The corona virus: A lot is already being written about it and you may wonder what the topic is doing in a blog about Tiny Houses. After reading this article by trend watcher Lidewei Edelkoort you may see the connection, just like I did. It is about the consequences of the corona virus outbreak that offers opportunities for an accelerated transition to a society that is in balance with the natural world. And that is very much in line with the Tiny House philosophy
Corona means crown or circle of light. A total solar or lunar eclipse creates a corona around the sun or moon. A circle of dazzling light around a core of darkness. I experienced this phenomenon during the total solar eclipse in 2017, a magical experience that I will never forget. It gave me the realization of how small, insignificant and ignorant we humans really are in this timeless universe full of mystique and wonders. And how incredibly beautiful and special it all is. A corona is a circle, a cycle. Could the corona virus perhaps be the catalyst that takes our society to the next level, teaches us to live within the limits of our planet? Bringing us together and closing the circle so that no one, be it the human animal, plant or other organism, is left out or disadvantaged anymore. Lidewij thinks so and I hope with all my heart she is right.
A few notable passages from her article:
“It seems we are massively entering a quarantine of consumption where we will learn how to be happy just with a simple dress, rediscovering old favourites we own, reading a forgotten book and cooking up a storm to make life beautiful.”
“Not many people understand what is happening to our world and economy right now. Often in companies, up to 90 per cent of all goods are made in China from oil-derived substances such as plastic and polyester. We will soon see shelves empty of shoes, phones, clothes and even toothpaste. We will have a shortage of medical supplies and will see a stop in the endless production of ugly souvenirs and useless goody bags.”
“We will be in a position of having a blank page for a new beginning because lots of companies and money will be wiped out in the process of slowing down. Redirecting and restarting will require a lot of insight and audacity to build a new economy with other values and ways of handling production, transport, distribution and retail.”
“Local industries and activities would gain momentum and people-based initiatives will take over with bartering systems and open tables, farmers markets and street events, dance and singing contests and a very dominant DIY aesthetic. My future forecast for the Age of the Amateur seems to come much faster than I anticipated.”
Street party, anyone? I say, bring it on. Before you misunderstand me, I’m not happy with the arrival of the corona virus. I am worried, probably just like you, about elderly and sick relatives and friends who are at increased risk and the thought of all the suffering this virus causes makes me very sad. But this virus also offers humanity an opportunity to open the eyes. It already shows how quickly we can adapt our behaviour to a situation. How quickly governments can take action to bring about immediate changes in our behaviour, if given top priority. Think of traveling less, working at home, consuming less, supporting the local economy by choosing locally produced goods again.
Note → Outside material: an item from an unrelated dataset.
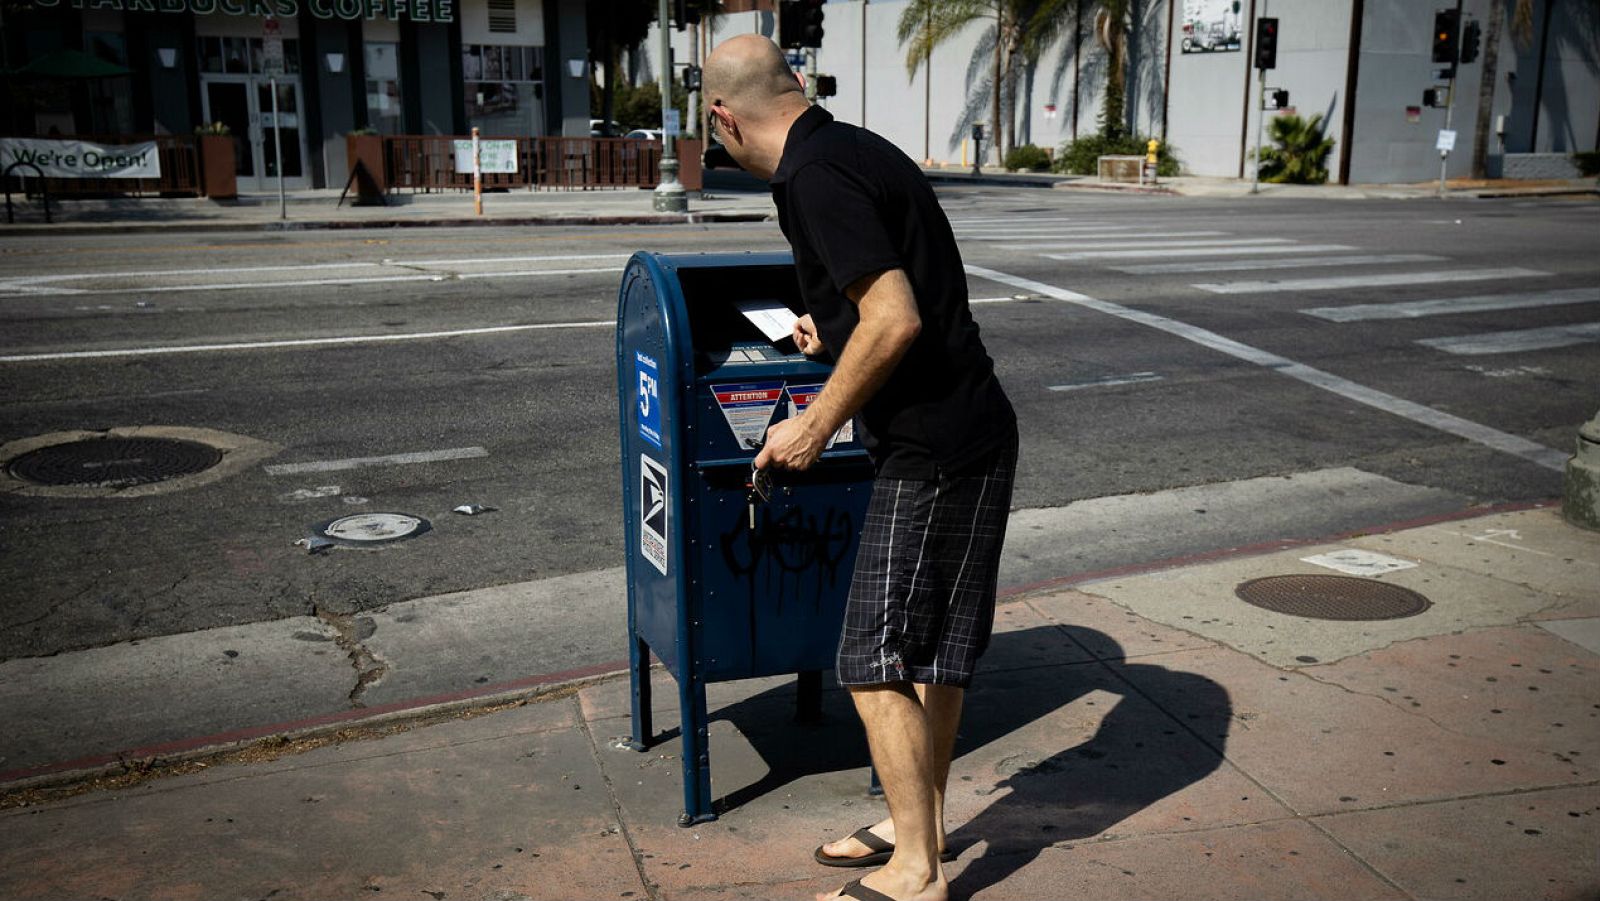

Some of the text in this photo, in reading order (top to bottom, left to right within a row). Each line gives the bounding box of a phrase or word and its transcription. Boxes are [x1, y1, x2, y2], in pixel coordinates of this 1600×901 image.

[309, 0, 454, 22] COFFEE
[13, 149, 148, 170] We're Open!
[730, 391, 769, 401] ATTENTION
I hope the corona virus outbreak helps us understand that we don’t need nearly as much as we have become used to thinking we need. That we are forced to take the measures that are necessary to make the transition in a short time that we should have made decades ago, when we had “a bit” more time for it.
Lidewij’s vision of the future makes my heart sing: “the Age of Amateurs”. With a wealth of local artisan products of real value. With an eye and appreciation for people and their unique talents and space to develop them at a pace that suits them. With a stop of the production of unnecessary stuff of poor quality and the associated harmful production processes and use of harmful materials. A shift in focus: from infinite economic growth and the exhaustion that this policy causes in people and the planet, to attention and appreciation for quality and creativity. A better distribution of the wealth and respect for nature. Think about the enormous impact that the reduction of transport will have, of all the goods we now get from far away? If we start producing locally what we really need and apply the discipline to curb the greed in ourselves? Think of the gains in the field of energy saving and environmental pollution, which is enormous.
You can think about Lidewij’s article what you want. You may think it’s idealistic bullshit and wishful thinking. Time will tell. I think in the Netherlands we are terribly underestimating the situation and consequences of this pandemic . In my view, this article gives a realistic picture of what to expect. I recommend that you read it as it contains well-substantiated information as far as I can judge. More so, my gut feeling says that this gives a more realistic picture than the picture that is now sketched by, among others, RIVM. And my gut feeling is often very correct.
Somethings gotta give. Apparently we must be forced to make the changes that are needed. It was only a matter of time until mother Earth would say: enough is enough children, I have asked you ten times to clean up your mess, now I’ll take your things away from you. Who doesn’t want to listen, has to feel the consequences. I like to see this pandemic as an opportunity to finally do what it takes to move into a way of life that honours nature and mankind as part of nature.